Alla popolazione dell’area, che aveva già un disperato bisogno di aiuti, le Nazioni Unite hanno inviato i rifornimenti di sempre, appena sufficienti a mantenerli in vita, molti di questi nemmeno utili per far fronte all’emergenza del terremoto.
Attualmente si stima che in 5,3 milioni siano senza casa e abbiano bisogno di aiuto.
I profughi siriani
Milioni di profughi in fuga dalla guerra, entrati in Turchia legalmente e illegalmente, i quali vengono utilizzati come manodopera a basso costo e vivono in condizioni di estrema miseria, hanno subito anch’essi gli effetti del terremoto. Molti di loro sono stati sottoposti a manifestazioni di razzismo, anche da parte della polizia che li accusa di saccheggi. Si trovano a contendersi le tende con i terremotati. Essi non possono nemmeno beneficiare degli aiuti elementari che lo Stato fornisce in misura limitata e con grande ritardo. Se aggiungiamo i morti fra i migranti non registrati, che non verranno nemmeno contati, a quante migliaia assommerà il totale delle vittime?

Lezioni e conferme

Nel capitalismo, un regime sociale, nel quale i conflitti di interessi economici e gli attriti politici prendono il sopravvento su tutto il resto, la gestione delle catastrofi è sempre impostata nel modo più redditizio per il capitale.
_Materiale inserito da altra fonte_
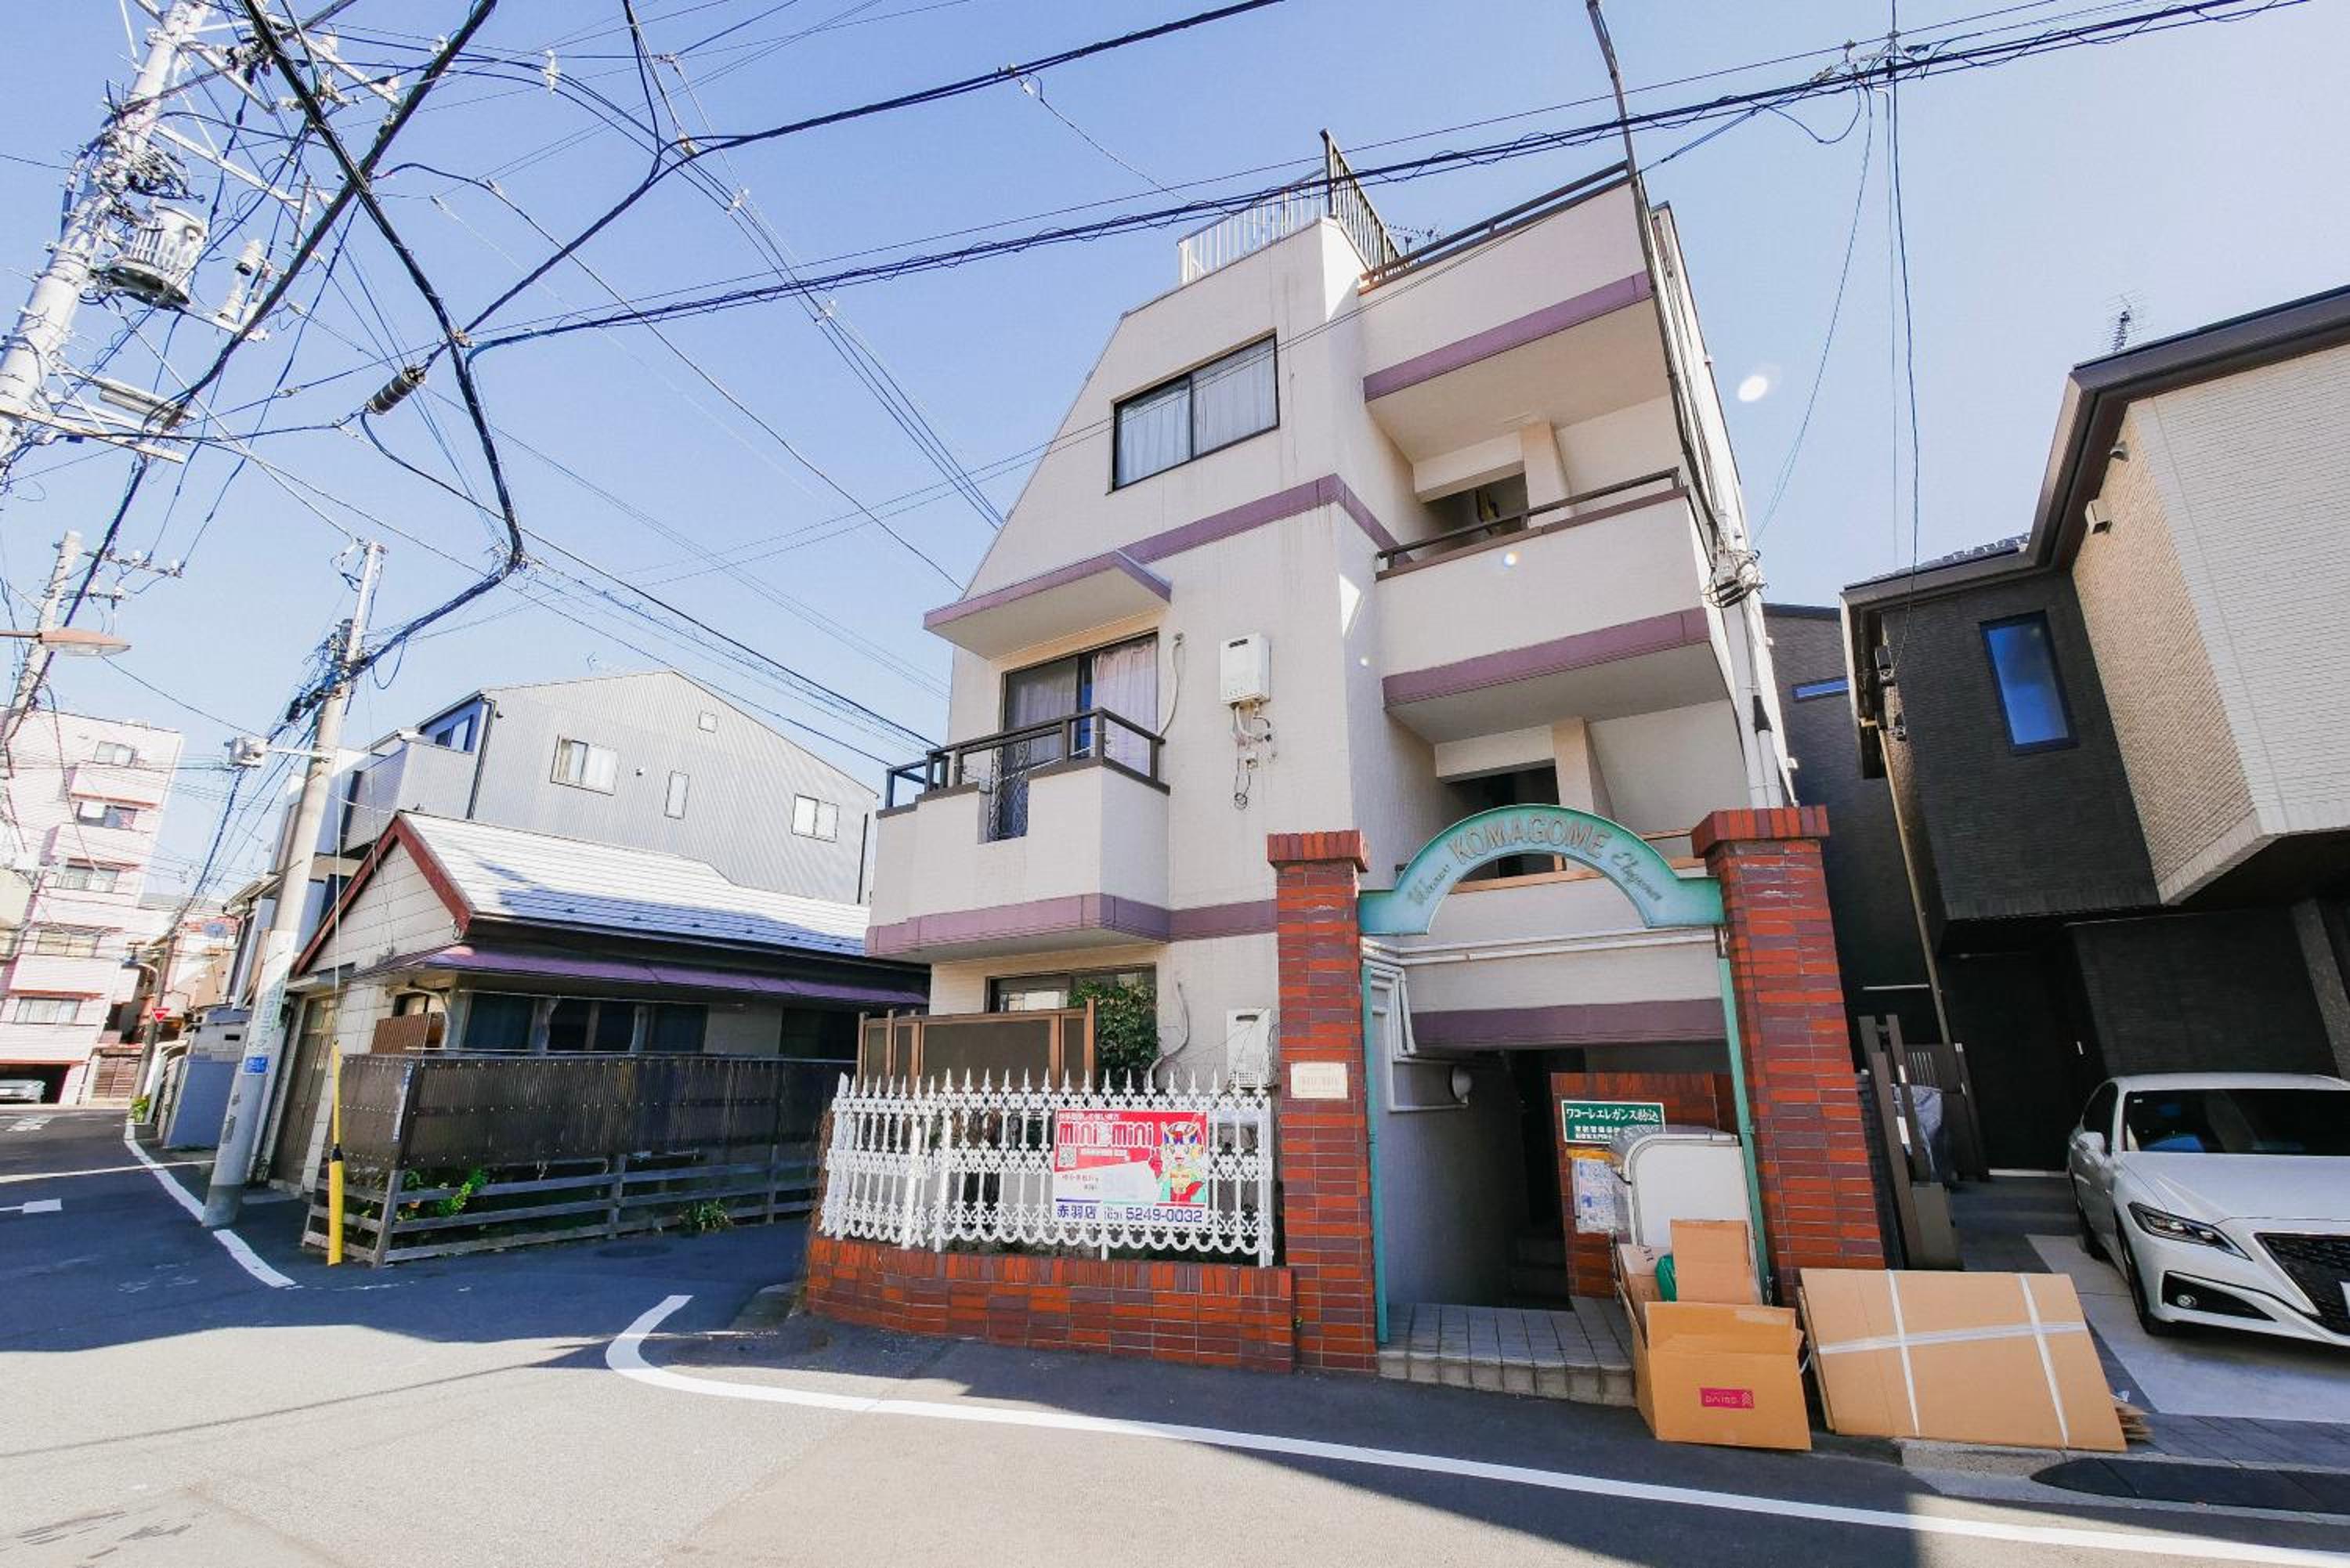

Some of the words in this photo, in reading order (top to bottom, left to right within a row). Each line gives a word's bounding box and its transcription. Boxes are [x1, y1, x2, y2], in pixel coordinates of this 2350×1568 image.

[1449, 817, 1610, 864] KOMAGOME
[1058, 1205, 1097, 1219] 赤羽店
[1126, 1207, 1203, 1223] 5249-0032
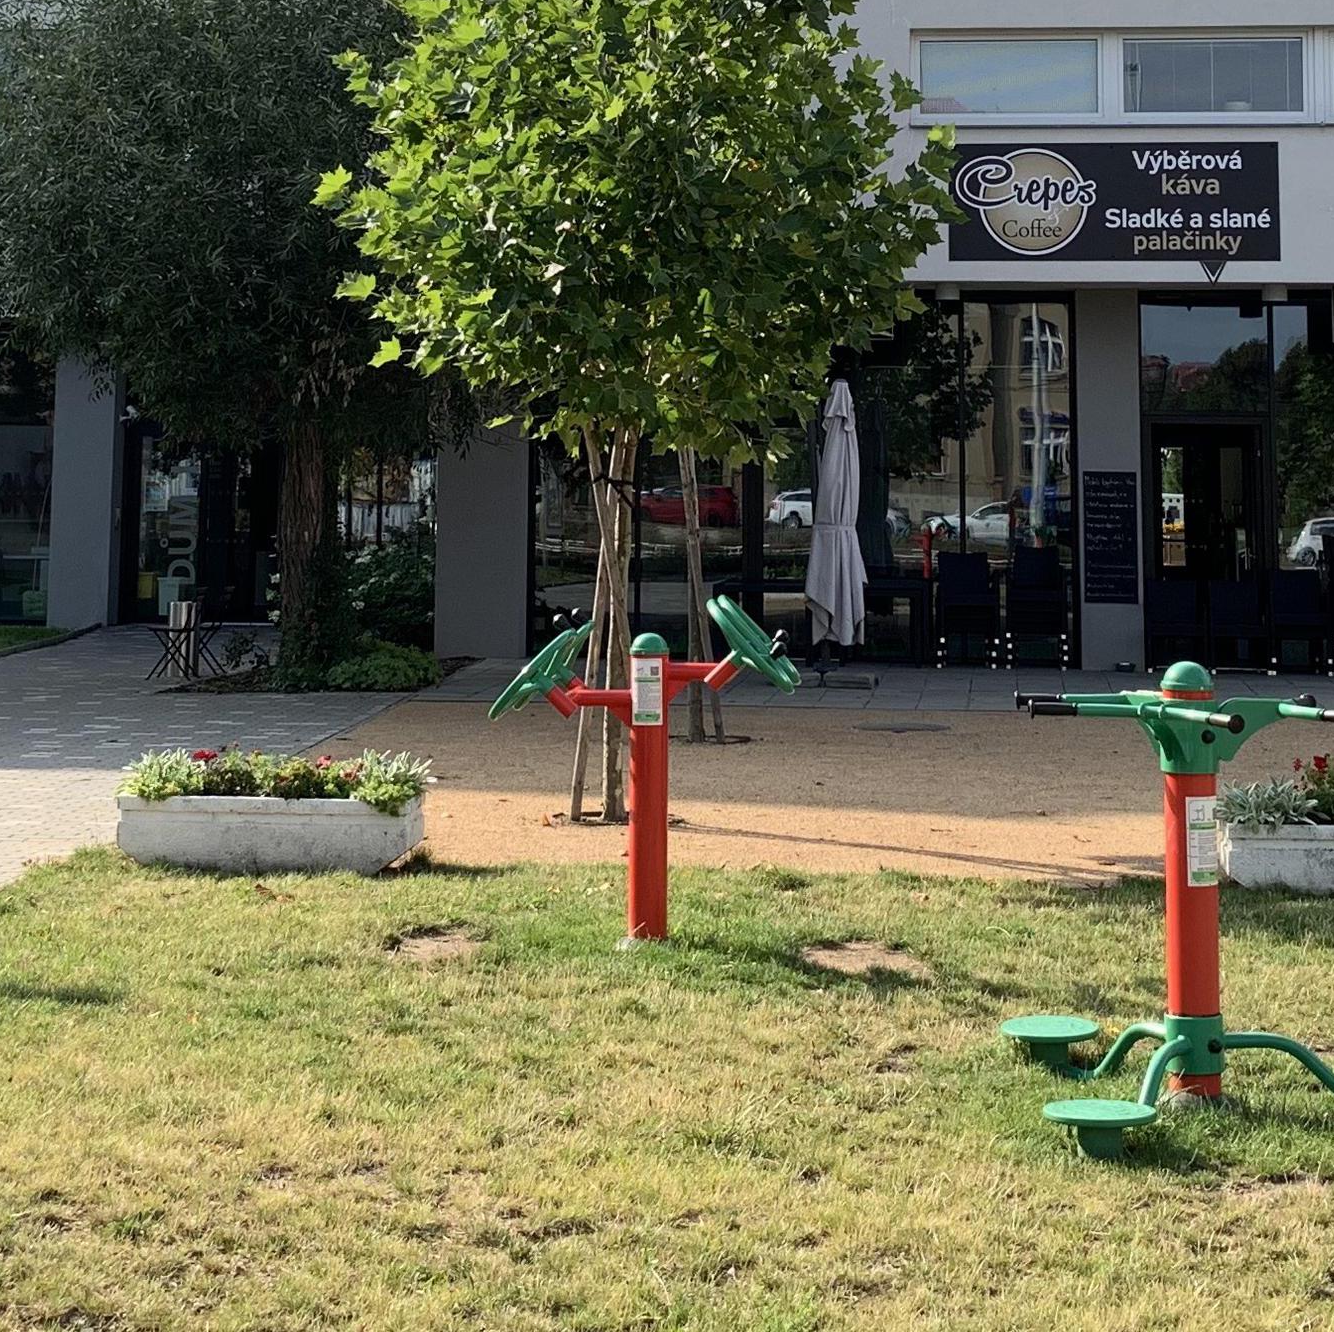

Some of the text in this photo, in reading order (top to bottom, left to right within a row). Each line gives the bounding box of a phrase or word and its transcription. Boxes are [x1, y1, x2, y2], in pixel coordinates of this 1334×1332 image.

Su entrambi i lati del confine è stato chiaro che l’urgenza di soccorrere la moltitudine di sopravvissuti era un fatto secondario. Nei primi giorni del terremoto, quando si sarebbe potuto effettuare il maggior numero di salvataggi, i due Stati interessati dal sisma, e anche altri che promettevano di aiutare, hanno ridotto al minimo i loro sforzi.
La borghesia di Turchia – che, per ridurre il numero dei disoccupati, spinge i giovani a invecchiare nelle università, negli “stage”, o a morire nelle guerre in patria e all’estero – ha tratto qualche beneficio dal fatto che migliaia di uomini sono spariti dalle statistiche a causa del Destino. Solo il partito al governo si lamenta che le sue chances alle elezioni si sono ridotte. In Siria, il regime di Assad non ha motivo di lamentarsi se un terremoto colpisce i gruppi di combattenti a lui avversi. Accaparra aiuti internazionali, e assiste a un massacro che può compiere senza sprecare bombe.
Queste catastrofi dimostrano che l’unica forza su cui tutti gli strati inferiori della società possono fare affidamento è la classe operaia. Questo terremoto ci lascia un insegnamento: sarebbe stato possibile salvare molte più vite se i lavoratori in grado di offrire aiuto professionale (tecnici, minatori, edili, sanitari, insegnanti...) fossero stati messi in grado di lasciare i loro luoghi di lavoro e avessero potuto partecipare prontamente ai soccorsi. Una organizzazione di veri sindacati di classe delle diverse categorie, se esistesse, avrebbe permesso di prepararsi in anticipo e mobilitarsi rapidamente. Ma tutto questo sotto il regime del capitale è impossibile.
Contro il razzismo, contro le condizioni di vita insalubri, contro la crisi abitativa, contro la persecuzione dei lavoratori stranieri, i proletari si devono organizzare in sindacati di classe. La risposta della classe operaia turca e siriana, schiacciata giorno dopo giorno nelle sue condizioni di vita, ai borghesi, che si disinteressano della loro stessa vita, non può che essere la lotta di classe, che ha come naturale caratteristica quella di agire collettivamente. Questa attività sindacale potrà adempiere in positivo ai suoi obiettivi sociali solo sotto il potere dello Stato proletario.
Il Partito Comunista Internazionale, che ha appreso le lezioni tratte dal dramma storico, alla luce della dottrina marxista, è la guida che alla classe operaia occorre per vivere come classe e per come classe vincere.